La crisi del Sole in numeri
La crisi del Sole 24 Ore, il quotidiano di Confindustria, è gravissima: 50 milioni di perdite sono state registrate lo scorso 30 settembre, svalutazione pari a 19 milioni di euro, e un patrimonio netto negativo per circa sette milioni di euro. Il valore azionario del titolo è crollato del 60% in tre anni. Lo scontro tra la redazione e il direttore è esploso quando è stato reso noto un accordo privato che gli avrebbe garantito tre anni di stipendio in caso di licenziamento senza giusta causa. Una condizione leggermente diversa da quanto accade oggi grazie al Jobs Act.
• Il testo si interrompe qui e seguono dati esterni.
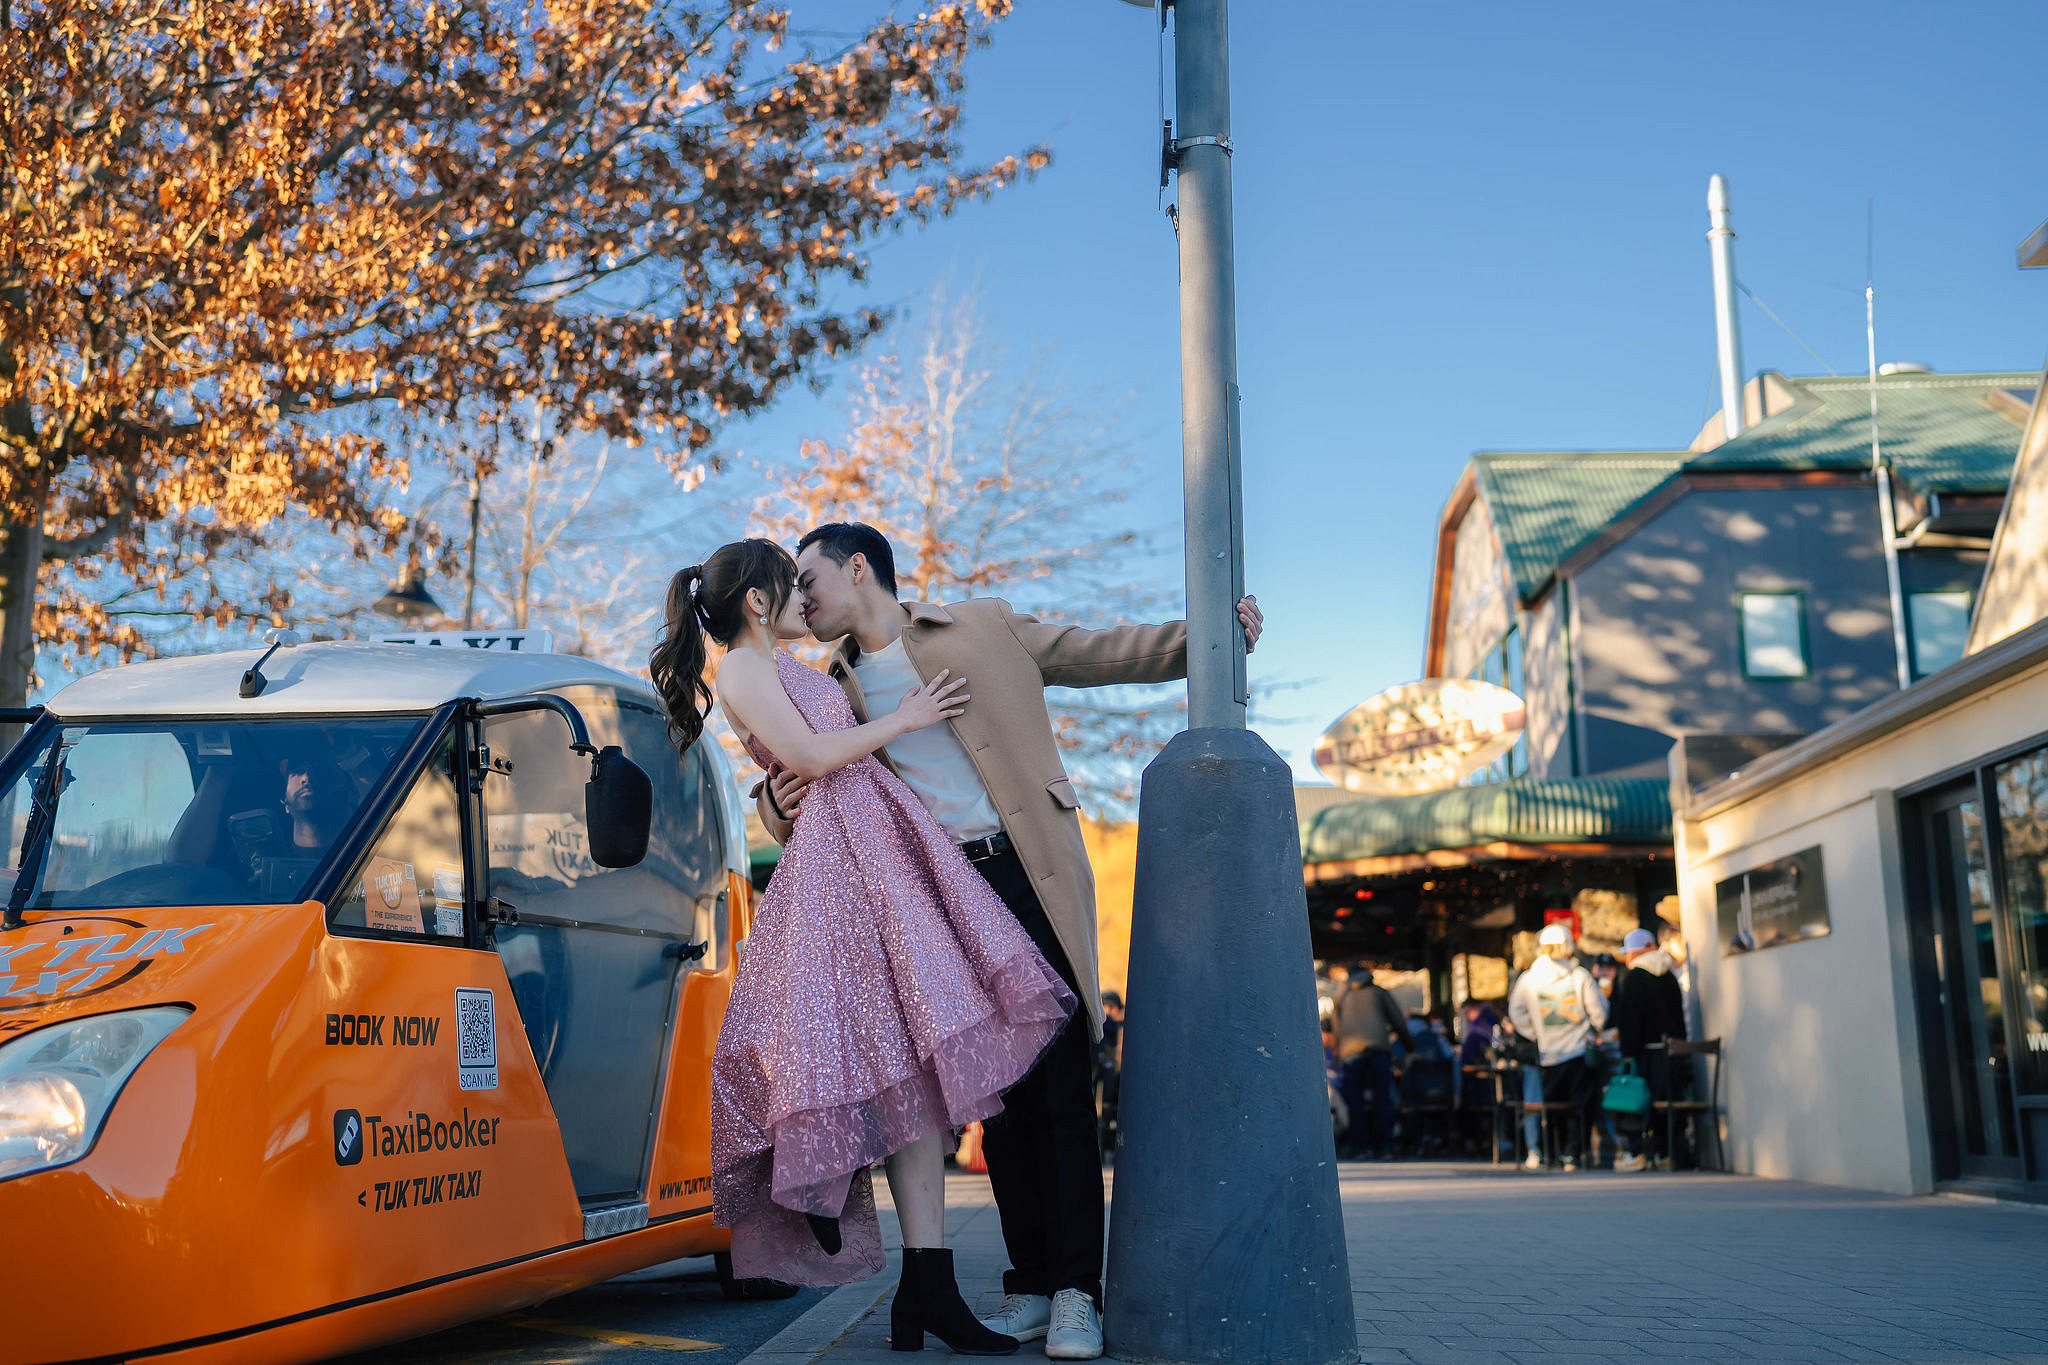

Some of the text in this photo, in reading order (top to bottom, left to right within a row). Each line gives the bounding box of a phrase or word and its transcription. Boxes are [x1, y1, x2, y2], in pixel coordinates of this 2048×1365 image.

Sconfitta per la stampa storica
Ora rimangono le macerie da raccogliere, non solo per il quotidiano di Confindustria: se cade la credibilità del Sole 24 Ore vacilla l'intera impalcatura morale del giornalismo italiano: ovvero quel settore che più denuncia la deriva da post verità che starebbe subendo la comunicazione via internet. Si crea così un cortocircuito dove il giornalismo storico, che dovrebbe essere anche prestigioso, non può più criticare le evidenti distorsioni che erompono dal web. Uno scenario orwelliano dove non esiste più non solo la verità, ma la stessa materia dei fatti.